魔神を倒した《マスター》は20年後の世界で自由に生きます
『ん~……長いこと寝てたな。』
ベッドから俺は久々に日の光を浴びながら部屋を出る。バタバタと動くメイド達は俺の姿をみるなり手を止めて深くお辞儀をする。
「「「おはようございます主様!そしてお久しぶりでございます!!」」」
俺は軽く手を上げメイド達に挨拶し、仕事に戻るよう指示する。メイド達は目を輝かせながら仕事に打ち込んでいく。
そんな中、老けた執事らしき人物が近づいてくる。最初は分からなかったが、近づく程に誰だか分かってきた。
『久しぶりかなウォード。その姿だとかなり時間が経ったようだな。』
彼はウォード。昔から俺の世話係であり、元剣聖とう異色の経歴を持つ俺の右腕だ。
「お久しぶりでございますマスター。約20年ぶりでございます。もう御体は大丈夫でございますか?」
彼の表情は昔と変わらず優しい笑顔だ。
どんな時でも彼は笑顔で接してくれた。だからこそ、今の俺には必要な人材だ。
『あぁ。しかし20年か……お前はもう60代になるのか。無理を承知で頼む。これからも手を貸してくれるか?』
「勿体なきお言葉!このウォード!!生涯マスターに尽くす所存であります。」
泣きながら宣言するウォードを抱きしめ、背中をさする。どんな時でも必ず手を貸してくれるウォードには頭が上がらない。おそらく俺が目を覚ますまで待っていてくれたのだろうと思うと、胸が熱くなる。
『あれから20年か……ウォード。世界はあれからどうなった?』
「はい。【人魔戦争】から生き延びた国は約20ヵ国。その後に各国で魔物の氾濫が相次ぎ、最終的に12ヵ国になっております。」
【人魔戦争】。人類と魔族との全面戦争を意味し、俺が魔神を倒して終結させた戦争だ。まぁその時に俺の身体は膨大な負の魔力を浴びた性で、この20年寝たきり生活をさせらたのだが……
『だいたい分かった。そういえば精霊達はどうした?さっきから見当たらないのだが?』
精霊。この戦争をするにあたってこの世界の主である精霊王に頼み込み、各1人ずつに精霊と契約させて戦力アップしていたのだが、あのあとどうなったか分からないまま眠りについた為にどうなったか知らないのだ。

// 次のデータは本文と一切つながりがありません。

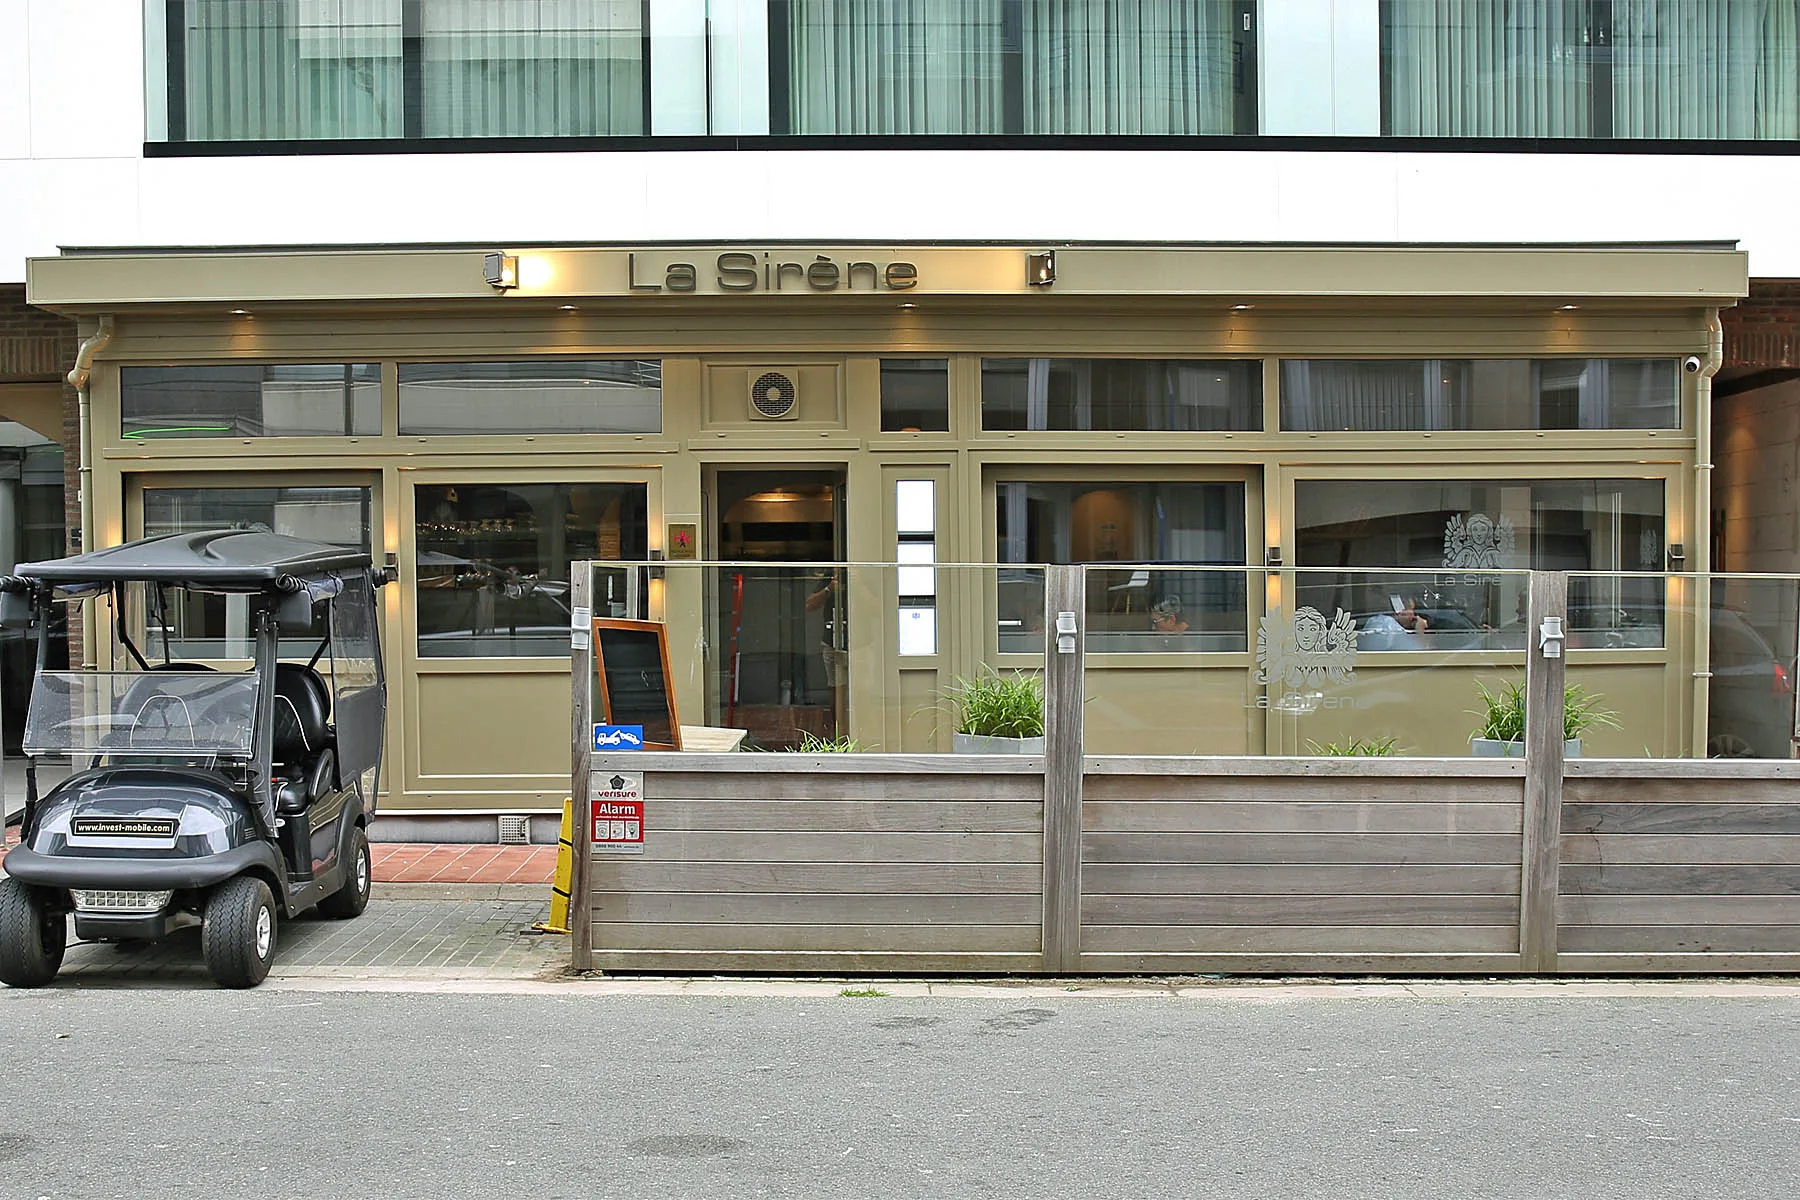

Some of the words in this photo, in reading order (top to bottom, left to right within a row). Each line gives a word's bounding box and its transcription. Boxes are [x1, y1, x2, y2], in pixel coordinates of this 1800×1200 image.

[628, 252, 697, 291] La
[717, 251, 918, 291] Sirène
[1434, 574, 1456, 586] La
[600, 802, 636, 814] Alarm
[78, 823, 170, 832] www.invest-mobile.com

「ご心配には及びません。あのあと契約を全て解除され、精霊が気に入った者には再び契約しているものもいると。ちなみに、先程お会いしたメイド達は全て精霊と契約しております。」
『なるほど……それなら安心だな。そうだ!ウォード。いきなりで済まないが精霊王に会いに行きたいのだが、頼めるか?』
精霊王。この世界を統べる王であり、俺の契約精霊だ。俺が寝ている間にあいつには迷惑をかけたのだがら、早めに挨拶しないとヤバそうだしな!
「分かりましたマスター。恐らくメイド達の精霊が既に精霊王様に報告している筈です。噂をすれば……」
ふと外をみると騎士に扮した精霊達が道を作り、その道を堂々と歩く1人の精霊。スラッとした体型に金色の短髪、背中から羽織るマントには夜空の星空のような模様が映し出されており、神々しいオーラを放っていた。
俺に気が付いたのか、壁を抜けて飛び付き顔を埋める。はたからみれば只の子供にみえるだろう。
「全く、この僕を20年も待たせるなんて君だけだよ《マスター》。僕は……僕はずっと……ずっと!」
泣きながら強く抱きしめてくる精霊……いや、若き精霊王エンは、王の立場を忘れるほど泣き叫ぶ。無理もない。彼にとって俺は数少ない人間の友なのだから。
「すまない。久々に会ったせいか昔を思い出していた。それにしても《マスター》は昔と変わらないな。」
『そりゃそうだろ?俺の記憶は20年前が最後だからな。それにしてもエンはますます精霊王らしくなったな!』
「あれから色々と大変だったからな。嫌でも王らしくなるさ。ところで《マスター》は今後どうするんだ?」
彼からの問いに黙る俺。まだ起きて1時間も経っていないから、そこまで考えてなかったな。
「どうせだから僕の手伝いしてくれない?《マスター》がやってくれれば簡単なんだ!」
見かねたエンから誘いを受けた。俺にとって簡単なことといえば分かりきっている。側にいるウォードが既にエン直属の部下とやり取りを始めてるし、受けるしかないな。
『分かった。その誘い受けようじゃないか。どうせいつものだろ?』
「流石は僕の《マスター》!!いつものお願いね?僕との契約は変わりないし、昔より強くなってるから安心してヤっちゃって!」
時代が変わってもやることは変わらない。俺は悪しきものを倒すただの《マスター》だ。